INSTRUCTIONS FOR THE TASK: Retype the line containing "this 2048×1432 image." and each later line through the end of the listing, exactly as written, with no other lines.

DATA:
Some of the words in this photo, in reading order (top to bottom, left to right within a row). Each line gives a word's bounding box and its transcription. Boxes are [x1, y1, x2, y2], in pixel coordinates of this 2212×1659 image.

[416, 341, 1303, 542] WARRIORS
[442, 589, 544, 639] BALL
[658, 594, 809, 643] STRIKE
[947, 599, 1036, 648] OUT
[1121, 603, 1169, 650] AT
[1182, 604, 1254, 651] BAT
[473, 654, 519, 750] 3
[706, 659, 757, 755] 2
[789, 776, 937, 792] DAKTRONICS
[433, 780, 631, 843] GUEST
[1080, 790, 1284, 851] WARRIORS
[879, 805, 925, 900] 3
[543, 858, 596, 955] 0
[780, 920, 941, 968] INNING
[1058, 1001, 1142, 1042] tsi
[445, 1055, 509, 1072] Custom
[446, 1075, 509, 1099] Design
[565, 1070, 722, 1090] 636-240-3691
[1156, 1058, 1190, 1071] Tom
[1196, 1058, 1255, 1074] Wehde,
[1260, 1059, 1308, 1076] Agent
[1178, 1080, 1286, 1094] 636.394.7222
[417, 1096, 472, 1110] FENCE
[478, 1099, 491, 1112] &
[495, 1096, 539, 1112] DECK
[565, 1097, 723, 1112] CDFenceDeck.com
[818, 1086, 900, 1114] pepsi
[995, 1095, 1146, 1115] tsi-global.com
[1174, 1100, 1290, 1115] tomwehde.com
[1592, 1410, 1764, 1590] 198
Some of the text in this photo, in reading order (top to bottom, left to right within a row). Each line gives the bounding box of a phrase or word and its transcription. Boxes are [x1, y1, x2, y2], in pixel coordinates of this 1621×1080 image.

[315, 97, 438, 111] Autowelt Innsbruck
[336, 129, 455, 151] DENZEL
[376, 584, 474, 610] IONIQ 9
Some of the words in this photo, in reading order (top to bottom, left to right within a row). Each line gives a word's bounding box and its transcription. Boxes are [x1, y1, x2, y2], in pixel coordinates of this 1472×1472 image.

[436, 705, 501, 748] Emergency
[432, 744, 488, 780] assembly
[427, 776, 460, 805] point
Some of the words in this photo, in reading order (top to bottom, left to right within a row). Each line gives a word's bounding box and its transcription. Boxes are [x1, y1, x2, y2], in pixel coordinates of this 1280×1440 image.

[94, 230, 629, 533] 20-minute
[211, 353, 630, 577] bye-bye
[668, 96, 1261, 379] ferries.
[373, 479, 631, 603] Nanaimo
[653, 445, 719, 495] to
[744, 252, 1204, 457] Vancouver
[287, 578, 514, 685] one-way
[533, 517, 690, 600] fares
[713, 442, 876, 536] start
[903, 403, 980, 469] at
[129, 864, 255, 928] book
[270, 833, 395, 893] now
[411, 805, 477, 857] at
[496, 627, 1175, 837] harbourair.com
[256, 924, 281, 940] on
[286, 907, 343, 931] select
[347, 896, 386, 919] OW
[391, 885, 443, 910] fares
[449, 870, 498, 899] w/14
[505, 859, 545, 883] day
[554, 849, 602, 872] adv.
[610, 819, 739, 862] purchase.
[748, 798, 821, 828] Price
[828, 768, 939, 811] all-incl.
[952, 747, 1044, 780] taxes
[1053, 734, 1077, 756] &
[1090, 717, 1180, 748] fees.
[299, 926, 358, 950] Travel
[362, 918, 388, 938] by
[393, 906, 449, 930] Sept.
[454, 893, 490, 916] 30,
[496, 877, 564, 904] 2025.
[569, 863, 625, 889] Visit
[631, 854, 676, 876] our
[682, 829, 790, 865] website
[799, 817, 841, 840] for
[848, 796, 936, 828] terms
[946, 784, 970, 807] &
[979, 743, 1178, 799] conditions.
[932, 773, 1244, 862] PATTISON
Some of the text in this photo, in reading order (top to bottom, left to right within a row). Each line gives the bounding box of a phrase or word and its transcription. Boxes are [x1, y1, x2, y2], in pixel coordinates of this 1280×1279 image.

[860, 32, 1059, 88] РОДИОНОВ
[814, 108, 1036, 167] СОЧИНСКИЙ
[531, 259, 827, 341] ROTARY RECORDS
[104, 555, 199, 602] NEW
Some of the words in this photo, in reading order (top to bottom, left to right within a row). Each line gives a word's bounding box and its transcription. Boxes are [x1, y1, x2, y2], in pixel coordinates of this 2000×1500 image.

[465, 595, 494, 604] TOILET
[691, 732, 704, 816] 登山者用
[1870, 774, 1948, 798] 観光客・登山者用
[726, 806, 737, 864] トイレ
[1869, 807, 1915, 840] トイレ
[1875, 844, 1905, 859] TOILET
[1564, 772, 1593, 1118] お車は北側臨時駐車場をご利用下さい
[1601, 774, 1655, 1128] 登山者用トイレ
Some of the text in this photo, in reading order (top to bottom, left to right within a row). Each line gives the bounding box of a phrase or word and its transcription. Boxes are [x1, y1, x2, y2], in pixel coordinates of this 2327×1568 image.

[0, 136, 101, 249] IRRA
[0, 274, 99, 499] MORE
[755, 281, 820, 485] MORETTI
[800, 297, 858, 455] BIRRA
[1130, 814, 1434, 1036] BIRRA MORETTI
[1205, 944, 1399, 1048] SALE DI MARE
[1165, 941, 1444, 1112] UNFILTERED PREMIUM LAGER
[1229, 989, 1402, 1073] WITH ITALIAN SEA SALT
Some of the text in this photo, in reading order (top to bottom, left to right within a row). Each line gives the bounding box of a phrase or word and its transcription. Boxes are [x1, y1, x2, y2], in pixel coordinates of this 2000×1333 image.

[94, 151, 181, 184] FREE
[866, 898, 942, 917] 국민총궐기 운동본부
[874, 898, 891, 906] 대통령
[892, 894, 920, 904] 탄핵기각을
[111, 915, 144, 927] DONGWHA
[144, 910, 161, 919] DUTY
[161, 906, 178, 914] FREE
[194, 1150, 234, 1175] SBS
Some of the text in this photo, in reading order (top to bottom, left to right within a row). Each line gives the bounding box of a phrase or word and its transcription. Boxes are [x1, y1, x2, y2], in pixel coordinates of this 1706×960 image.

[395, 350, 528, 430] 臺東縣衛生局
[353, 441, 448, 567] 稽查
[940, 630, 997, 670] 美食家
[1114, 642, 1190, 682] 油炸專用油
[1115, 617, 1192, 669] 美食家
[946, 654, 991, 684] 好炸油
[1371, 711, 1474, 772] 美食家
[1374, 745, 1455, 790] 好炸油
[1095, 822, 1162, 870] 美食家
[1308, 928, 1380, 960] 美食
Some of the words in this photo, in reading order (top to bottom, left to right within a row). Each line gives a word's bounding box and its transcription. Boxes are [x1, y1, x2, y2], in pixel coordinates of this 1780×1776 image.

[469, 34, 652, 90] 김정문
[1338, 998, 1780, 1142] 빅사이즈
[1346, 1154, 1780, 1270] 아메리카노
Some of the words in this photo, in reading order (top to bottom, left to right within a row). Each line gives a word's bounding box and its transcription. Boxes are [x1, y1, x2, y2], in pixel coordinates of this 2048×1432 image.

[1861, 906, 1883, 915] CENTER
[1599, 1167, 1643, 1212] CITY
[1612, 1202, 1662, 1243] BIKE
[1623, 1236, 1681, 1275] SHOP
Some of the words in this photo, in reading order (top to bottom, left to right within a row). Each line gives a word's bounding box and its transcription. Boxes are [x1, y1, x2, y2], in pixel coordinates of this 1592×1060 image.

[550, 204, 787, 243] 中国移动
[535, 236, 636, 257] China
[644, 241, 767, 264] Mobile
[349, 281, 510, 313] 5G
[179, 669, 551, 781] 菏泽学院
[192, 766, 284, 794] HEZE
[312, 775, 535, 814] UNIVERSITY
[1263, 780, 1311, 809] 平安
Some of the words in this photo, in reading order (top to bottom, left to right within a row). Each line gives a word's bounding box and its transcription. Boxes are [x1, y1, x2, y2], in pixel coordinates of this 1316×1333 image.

ANSWER:
Some of the words in this photo, in reading order (top to bottom, left to right within a row). Each line gives a word's bounding box and its transcription. Boxes are [x1, y1, x2, y2], in pixel coordinates of this 2048×1432 image.

[1861, 906, 1883, 915] CENTER
[1599, 1167, 1643, 1212] CITY
[1612, 1202, 1662, 1243] BIKE
[1623, 1236, 1681, 1275] SHOP
Some of the words in this photo, in reading order (top to bottom, left to right within a row). Each line gives a word's bounding box and its transcription. Boxes are [x1, y1, x2, y2], in pixel coordinates of this 1592×1060 image.

[550, 204, 787, 243] 中国移动
[535, 236, 636, 257] China
[644, 241, 767, 264] Mobile
[349, 281, 510, 313] 5G
[179, 669, 551, 781] 菏泽学院
[192, 766, 284, 794] HEZE
[312, 775, 535, 814] UNIVERSITY
[1263, 780, 1311, 809] 平安
Some of the words in this photo, in reading order (top to bottom, left to right within a row). Each line gives a word's bounding box and its transcription. Boxes are [x1, y1, x2, y2], in pixel coordinates of this 1316×1333 image.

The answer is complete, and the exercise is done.